Assignment
Output every entry exactly as given.

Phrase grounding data
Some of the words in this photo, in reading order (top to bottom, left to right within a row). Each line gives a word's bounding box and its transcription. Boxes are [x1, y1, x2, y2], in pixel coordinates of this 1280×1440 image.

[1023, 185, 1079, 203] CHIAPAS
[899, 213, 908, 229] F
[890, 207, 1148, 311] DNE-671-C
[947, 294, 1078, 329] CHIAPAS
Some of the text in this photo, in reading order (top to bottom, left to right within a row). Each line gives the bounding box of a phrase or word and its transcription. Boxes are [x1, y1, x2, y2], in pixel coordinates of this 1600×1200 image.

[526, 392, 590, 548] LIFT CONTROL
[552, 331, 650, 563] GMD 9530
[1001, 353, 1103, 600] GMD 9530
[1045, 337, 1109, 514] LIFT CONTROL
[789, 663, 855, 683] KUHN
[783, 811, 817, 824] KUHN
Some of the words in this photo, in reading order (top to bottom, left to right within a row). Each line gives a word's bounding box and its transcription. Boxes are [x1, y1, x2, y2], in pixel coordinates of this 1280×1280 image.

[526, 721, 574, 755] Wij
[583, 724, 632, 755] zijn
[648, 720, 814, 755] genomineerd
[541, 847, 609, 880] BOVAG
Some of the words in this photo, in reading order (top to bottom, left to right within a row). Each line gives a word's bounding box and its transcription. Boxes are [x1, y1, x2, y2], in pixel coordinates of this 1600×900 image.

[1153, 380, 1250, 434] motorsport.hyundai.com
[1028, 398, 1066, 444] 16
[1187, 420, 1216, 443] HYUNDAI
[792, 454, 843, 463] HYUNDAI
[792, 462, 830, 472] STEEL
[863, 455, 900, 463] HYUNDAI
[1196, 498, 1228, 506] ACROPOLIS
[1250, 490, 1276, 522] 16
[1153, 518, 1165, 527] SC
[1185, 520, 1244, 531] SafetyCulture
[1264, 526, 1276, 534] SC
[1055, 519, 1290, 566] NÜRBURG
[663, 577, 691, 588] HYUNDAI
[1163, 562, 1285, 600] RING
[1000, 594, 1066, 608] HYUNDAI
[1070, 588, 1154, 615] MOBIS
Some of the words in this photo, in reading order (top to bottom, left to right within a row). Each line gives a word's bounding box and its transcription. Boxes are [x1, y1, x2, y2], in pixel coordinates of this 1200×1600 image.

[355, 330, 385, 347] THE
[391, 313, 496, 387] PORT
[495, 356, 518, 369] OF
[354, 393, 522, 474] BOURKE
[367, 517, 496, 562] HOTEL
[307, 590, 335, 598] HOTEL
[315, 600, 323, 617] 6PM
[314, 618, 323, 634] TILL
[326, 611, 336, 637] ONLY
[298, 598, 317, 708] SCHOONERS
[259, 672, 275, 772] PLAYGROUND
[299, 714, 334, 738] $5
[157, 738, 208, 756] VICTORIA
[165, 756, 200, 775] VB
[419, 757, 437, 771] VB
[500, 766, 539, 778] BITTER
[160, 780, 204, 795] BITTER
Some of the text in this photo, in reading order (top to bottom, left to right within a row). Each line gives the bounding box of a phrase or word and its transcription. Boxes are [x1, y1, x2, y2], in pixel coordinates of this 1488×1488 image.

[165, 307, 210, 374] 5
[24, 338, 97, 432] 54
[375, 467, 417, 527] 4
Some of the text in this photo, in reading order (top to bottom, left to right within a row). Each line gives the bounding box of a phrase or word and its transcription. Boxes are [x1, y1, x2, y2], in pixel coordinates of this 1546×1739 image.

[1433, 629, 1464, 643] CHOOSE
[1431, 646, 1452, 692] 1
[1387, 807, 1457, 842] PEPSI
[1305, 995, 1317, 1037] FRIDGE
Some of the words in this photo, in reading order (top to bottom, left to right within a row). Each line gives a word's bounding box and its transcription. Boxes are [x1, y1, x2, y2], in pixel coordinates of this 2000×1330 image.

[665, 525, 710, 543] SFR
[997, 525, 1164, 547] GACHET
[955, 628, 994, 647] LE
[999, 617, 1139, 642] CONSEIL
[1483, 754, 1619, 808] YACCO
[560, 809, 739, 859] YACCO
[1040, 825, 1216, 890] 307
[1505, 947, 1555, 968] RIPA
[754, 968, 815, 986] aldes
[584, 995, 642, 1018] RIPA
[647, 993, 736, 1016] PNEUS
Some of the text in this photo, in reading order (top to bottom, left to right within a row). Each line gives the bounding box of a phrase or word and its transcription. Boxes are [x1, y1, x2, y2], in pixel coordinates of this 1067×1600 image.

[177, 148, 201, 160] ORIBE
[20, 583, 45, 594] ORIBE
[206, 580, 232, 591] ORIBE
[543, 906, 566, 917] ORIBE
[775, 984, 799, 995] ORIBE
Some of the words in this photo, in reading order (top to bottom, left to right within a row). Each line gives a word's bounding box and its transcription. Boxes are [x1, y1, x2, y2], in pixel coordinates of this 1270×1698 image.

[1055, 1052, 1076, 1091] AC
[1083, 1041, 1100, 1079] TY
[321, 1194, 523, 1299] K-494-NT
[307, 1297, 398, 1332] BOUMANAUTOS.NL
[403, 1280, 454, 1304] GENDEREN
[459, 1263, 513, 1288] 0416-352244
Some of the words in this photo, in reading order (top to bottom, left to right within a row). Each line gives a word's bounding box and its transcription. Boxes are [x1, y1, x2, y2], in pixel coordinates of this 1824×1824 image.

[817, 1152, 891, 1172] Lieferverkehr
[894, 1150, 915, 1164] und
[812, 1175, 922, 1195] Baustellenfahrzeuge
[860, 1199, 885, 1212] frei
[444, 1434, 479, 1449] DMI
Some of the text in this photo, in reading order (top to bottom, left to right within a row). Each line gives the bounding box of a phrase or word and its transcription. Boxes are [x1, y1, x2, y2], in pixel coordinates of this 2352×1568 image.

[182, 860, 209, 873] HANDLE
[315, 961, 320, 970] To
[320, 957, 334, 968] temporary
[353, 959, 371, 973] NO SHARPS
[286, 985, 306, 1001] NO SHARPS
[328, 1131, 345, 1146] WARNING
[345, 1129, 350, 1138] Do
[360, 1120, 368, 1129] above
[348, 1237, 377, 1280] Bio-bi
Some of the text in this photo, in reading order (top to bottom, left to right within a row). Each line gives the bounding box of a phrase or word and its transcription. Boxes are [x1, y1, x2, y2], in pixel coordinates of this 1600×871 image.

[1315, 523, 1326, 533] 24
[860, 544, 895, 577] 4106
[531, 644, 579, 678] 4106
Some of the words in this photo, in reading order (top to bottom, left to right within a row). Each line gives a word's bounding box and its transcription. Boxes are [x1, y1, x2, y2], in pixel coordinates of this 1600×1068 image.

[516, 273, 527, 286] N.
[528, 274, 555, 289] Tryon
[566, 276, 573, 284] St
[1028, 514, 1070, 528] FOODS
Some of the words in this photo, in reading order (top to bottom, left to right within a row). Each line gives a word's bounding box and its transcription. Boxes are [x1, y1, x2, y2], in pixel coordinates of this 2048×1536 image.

Solution to this problem
Some of the words in this photo, in reading order (top to bottom, left to right within a row). Each line gives a word's bounding box and its transcription. Boxes are [x1, y1, x2, y2], in pixel coordinates of this 1280×1440 image.

[1023, 185, 1079, 203] CHIAPAS
[899, 213, 908, 229] F
[890, 207, 1148, 311] DNE-671-C
[947, 294, 1078, 329] CHIAPAS
Some of the text in this photo, in reading order (top to bottom, left to right within a row). Each line gives the bounding box of a phrase or word and its transcription. Boxes are [x1, y1, x2, y2], in pixel coordinates of this 1600×1200 image.

[526, 392, 590, 548] LIFT CONTROL
[552, 331, 650, 563] GMD 9530
[1001, 353, 1103, 600] GMD 9530
[1045, 337, 1109, 514] LIFT CONTROL
[789, 663, 855, 683] KUHN
[783, 811, 817, 824] KUHN
Some of the words in this photo, in reading order (top to bottom, left to right within a row). Each line gives a word's bounding box and its transcription. Boxes are [x1, y1, x2, y2], in pixel coordinates of this 1280×1280 image.

[526, 721, 574, 755] Wij
[583, 724, 632, 755] zijn
[648, 720, 814, 755] genomineerd
[541, 847, 609, 880] BOVAG
Some of the words in this photo, in reading order (top to bottom, left to right within a row). Each line gives a word's bounding box and its transcription. Boxes are [x1, y1, x2, y2], in pixel coordinates of this 1600×900 image.

[1153, 380, 1250, 434] motorsport.hyundai.com
[1028, 398, 1066, 444] 16
[1187, 420, 1216, 443] HYUNDAI
[792, 454, 843, 463] HYUNDAI
[792, 462, 830, 472] STEEL
[863, 455, 900, 463] HYUNDAI
[1196, 498, 1228, 506] ACROPOLIS
[1250, 490, 1276, 522] 16
[1153, 518, 1165, 527] SC
[1185, 520, 1244, 531] SafetyCulture
[1264, 526, 1276, 534] SC
[1055, 519, 1290, 566] NÜRBURG
[663, 577, 691, 588] HYUNDAI
[1163, 562, 1285, 600] RING
[1000, 594, 1066, 608] HYUNDAI
[1070, 588, 1154, 615] MOBIS
Some of the words in this photo, in reading order (top to bottom, left to right within a row). Each line gives a word's bounding box and its transcription. Boxes are [x1, y1, x2, y2], in pixel coordinates of this 1200×1600 image.

[355, 330, 385, 347] THE
[391, 313, 496, 387] PORT
[495, 356, 518, 369] OF
[354, 393, 522, 474] BOURKE
[367, 517, 496, 562] HOTEL
[307, 590, 335, 598] HOTEL
[315, 600, 323, 617] 6PM
[314, 618, 323, 634] TILL
[326, 611, 336, 637] ONLY
[298, 598, 317, 708] SCHOONERS
[259, 672, 275, 772] PLAYGROUND
[299, 714, 334, 738] $5
[157, 738, 208, 756] VICTORIA
[165, 756, 200, 775] VB
[419, 757, 437, 771] VB
[500, 766, 539, 778] BITTER
[160, 780, 204, 795] BITTER
Some of the text in this photo, in reading order (top to bottom, left to right within a row). Each line gives the bounding box of a phrase or word and its transcription. Boxes are [x1, y1, x2, y2], in pixel coordinates of this 1488×1488 image.

[165, 307, 210, 374] 5
[24, 338, 97, 432] 54
[375, 467, 417, 527] 4
Some of the text in this photo, in reading order (top to bottom, left to right within a row). Each line gives the bounding box of a phrase or word and its transcription. Boxes are [x1, y1, x2, y2], in pixel coordinates of this 1546×1739 image.

[1433, 629, 1464, 643] CHOOSE
[1431, 646, 1452, 692] 1
[1387, 807, 1457, 842] PEPSI
[1305, 995, 1317, 1037] FRIDGE
Some of the words in this photo, in reading order (top to bottom, left to right within a row). Each line gives a word's bounding box and its transcription. Boxes are [x1, y1, x2, y2], in pixel coordinates of this 2000×1330 image.

[665, 525, 710, 543] SFR
[997, 525, 1164, 547] GACHET
[955, 628, 994, 647] LE
[999, 617, 1139, 642] CONSEIL
[1483, 754, 1619, 808] YACCO
[560, 809, 739, 859] YACCO
[1040, 825, 1216, 890] 307
[1505, 947, 1555, 968] RIPA
[754, 968, 815, 986] aldes
[584, 995, 642, 1018] RIPA
[647, 993, 736, 1016] PNEUS
Some of the text in this photo, in reading order (top to bottom, left to right within a row). Each line gives the bounding box of a phrase or word and its transcription. Boxes are [x1, y1, x2, y2], in pixel coordinates of this 1067×1600 image.

[177, 148, 201, 160] ORIBE
[20, 583, 45, 594] ORIBE
[206, 580, 232, 591] ORIBE
[543, 906, 566, 917] ORIBE
[775, 984, 799, 995] ORIBE
Some of the words in this photo, in reading order (top to bottom, left to right within a row). Each line gives a word's bounding box and its transcription. Boxes are [x1, y1, x2, y2], in pixel coordinates of this 1270×1698 image.

[1055, 1052, 1076, 1091] AC
[1083, 1041, 1100, 1079] TY
[321, 1194, 523, 1299] K-494-NT
[307, 1297, 398, 1332] BOUMANAUTOS.NL
[403, 1280, 454, 1304] GENDEREN
[459, 1263, 513, 1288] 0416-352244
Some of the words in this photo, in reading order (top to bottom, left to right within a row). Each line gives a word's bounding box and its transcription. Boxes are [x1, y1, x2, y2], in pixel coordinates of this 1824×1824 image.

[817, 1152, 891, 1172] Lieferverkehr
[894, 1150, 915, 1164] und
[812, 1175, 922, 1195] Baustellenfahrzeuge
[860, 1199, 885, 1212] frei
[444, 1434, 479, 1449] DMI
Some of the text in this photo, in reading order (top to bottom, left to right within a row). Each line gives the bounding box of a phrase or word and its transcription. Boxes are [x1, y1, x2, y2], in pixel coordinates of this 2352×1568 image.

[182, 860, 209, 873] HANDLE
[315, 961, 320, 970] To
[320, 957, 334, 968] temporary
[353, 959, 371, 973] NO SHARPS
[286, 985, 306, 1001] NO SHARPS
[328, 1131, 345, 1146] WARNING
[345, 1129, 350, 1138] Do
[360, 1120, 368, 1129] above
[348, 1237, 377, 1280] Bio-bi
Some of the text in this photo, in reading order (top to bottom, left to right within a row). Each line gives the bounding box of a phrase or word and its transcription. Boxes are [x1, y1, x2, y2], in pixel coordinates of this 1600×871 image.

[1315, 523, 1326, 533] 24
[860, 544, 895, 577] 4106
[531, 644, 579, 678] 4106
Some of the words in this photo, in reading order (top to bottom, left to right within a row). Each line gives a word's bounding box and its transcription. Boxes are [x1, y1, x2, y2], in pixel coordinates of this 1600×1068 image.

[516, 273, 527, 286] N.
[528, 274, 555, 289] Tryon
[566, 276, 573, 284] St
[1028, 514, 1070, 528] FOODS
Some of the words in this photo, in reading order (top to bottom, left to right within a row). Each line gives a word's bounding box and its transcription. Boxes are [x1, y1, x2, y2], in pixel coordinates of this 2048×1536 image.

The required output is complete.